There's also some benchmarks for another implementation of the same idea
linked to in the README here: [https://github.com/mettienne/tiered-
vector/blob/master/READM...](https://github.com/mettienne/tiered-
vector/blob/master/README.md). That implementation also just punted on growing
the maximum capacity of the area.

------
birdbrain
I don't want to detract from the cleverness here, but I believe your
benchmarks could use some work. Here are a few suggestions:

1\. Simply testing something 1000 times and (presumably) presenting the
arithmetic mean is not very informative. Looking at the detailed reported
benchmark times (in the output file in tests), it looks like many of the
timing outcomes have high variance. Rather than running the tests 1000 times
and taking the mean, you might consider running 10 batches of 100 tests (or
1000, if you can) and presenting the mean and variance of the resulting
distribution. In general, k sample groups each of size p will provide more
reliable information about the underlying distribution than one sample group
of size k*p (for reasonable k and p, obviously).

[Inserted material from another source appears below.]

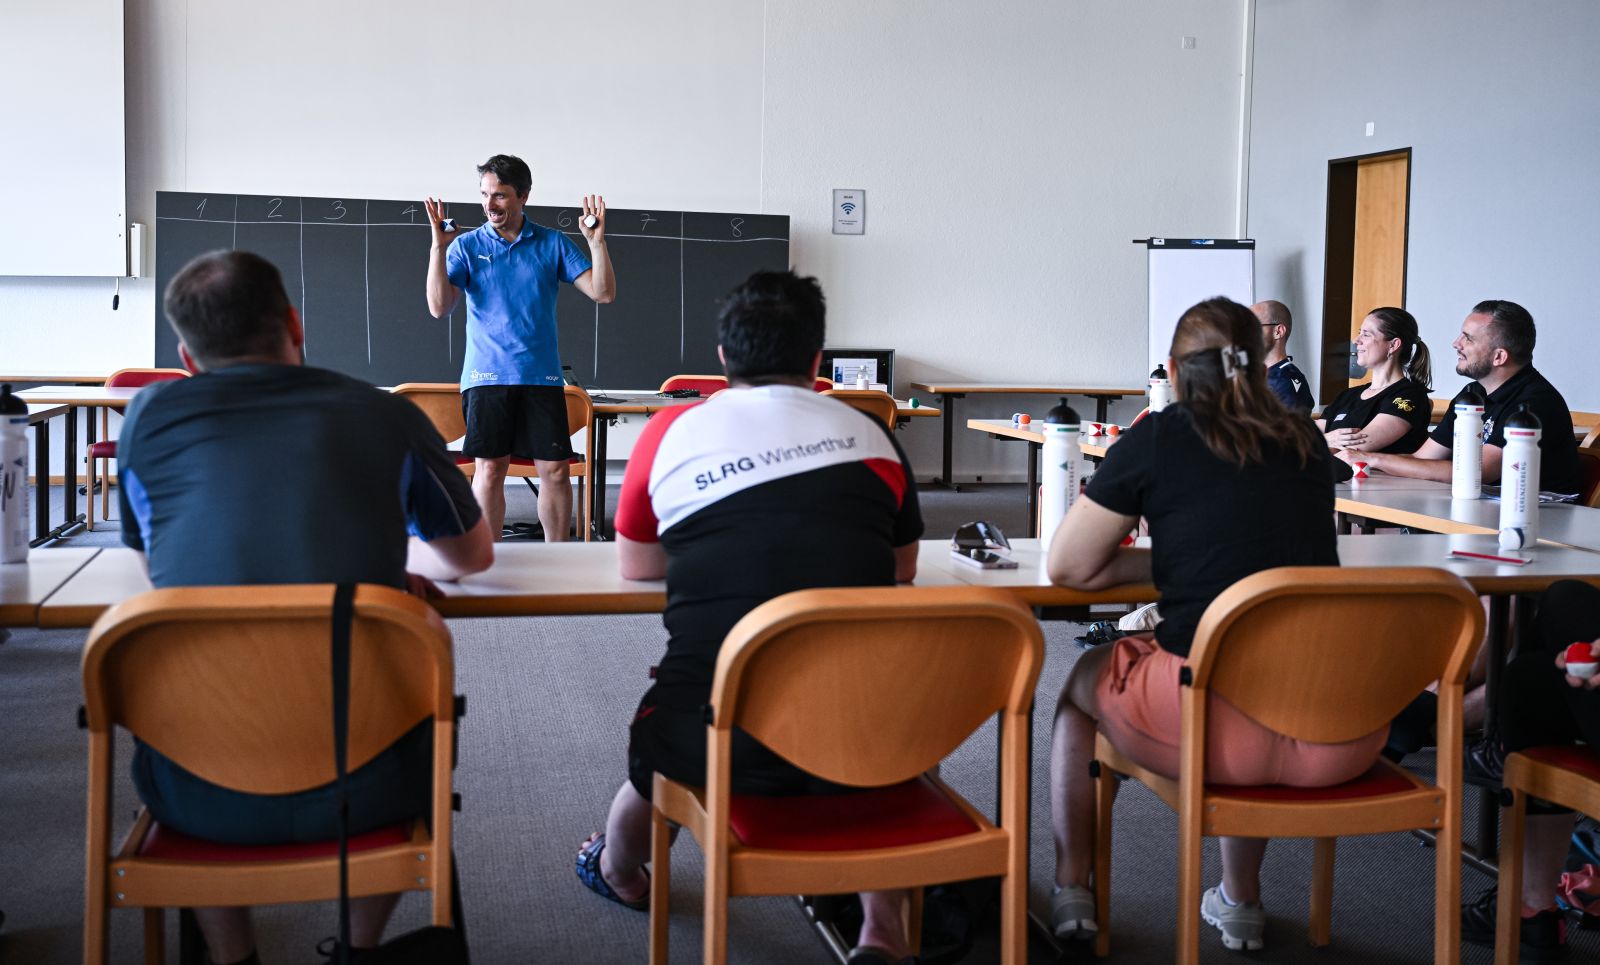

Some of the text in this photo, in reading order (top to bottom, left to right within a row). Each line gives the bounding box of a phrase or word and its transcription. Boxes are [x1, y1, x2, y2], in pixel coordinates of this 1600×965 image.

[196, 198, 744, 237] 1 2 3 4 6 7 8
[694, 436, 857, 491] SLRG Winterthur
[1519, 462, 1527, 513] KERENZERBERG
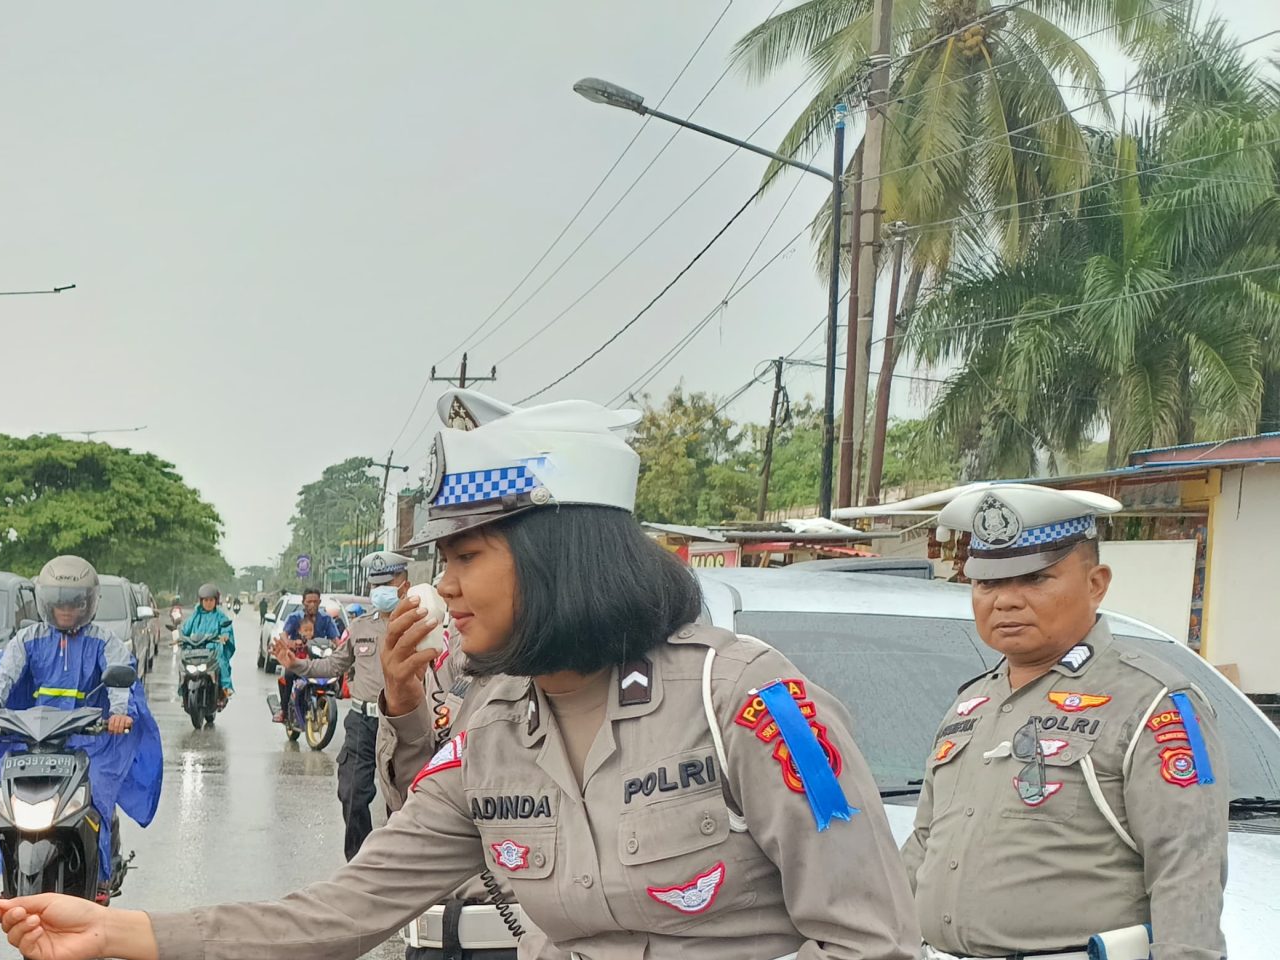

2\. Related to that, the results of the "inserting a number of elements" and
"deleting a number of elements" tests are significantly worse for the tiered
vector vs the std::vector than the "insert/delete a single element" tests. You
don't mention this in the readme, but thinking about why it is might be
informative. Thrashing seems like a possible explanation, and one you might be
able to mitigate.

3\. Are you making sure your cache is warm before starting to measure
performance? (Pardon, I didn't look through every line of your tests.)
Particularly for std::vector, and likely your intermediate deques too, this
will have a big effect on timing.

4\. Finally, it looks like you're primarily testing using ints (?). It would
probably be a good idea to see if your results hold for a different payload
size.

I don't know whether these will improve or worsen your comparison against
std::vector, but they will make your claims more robust.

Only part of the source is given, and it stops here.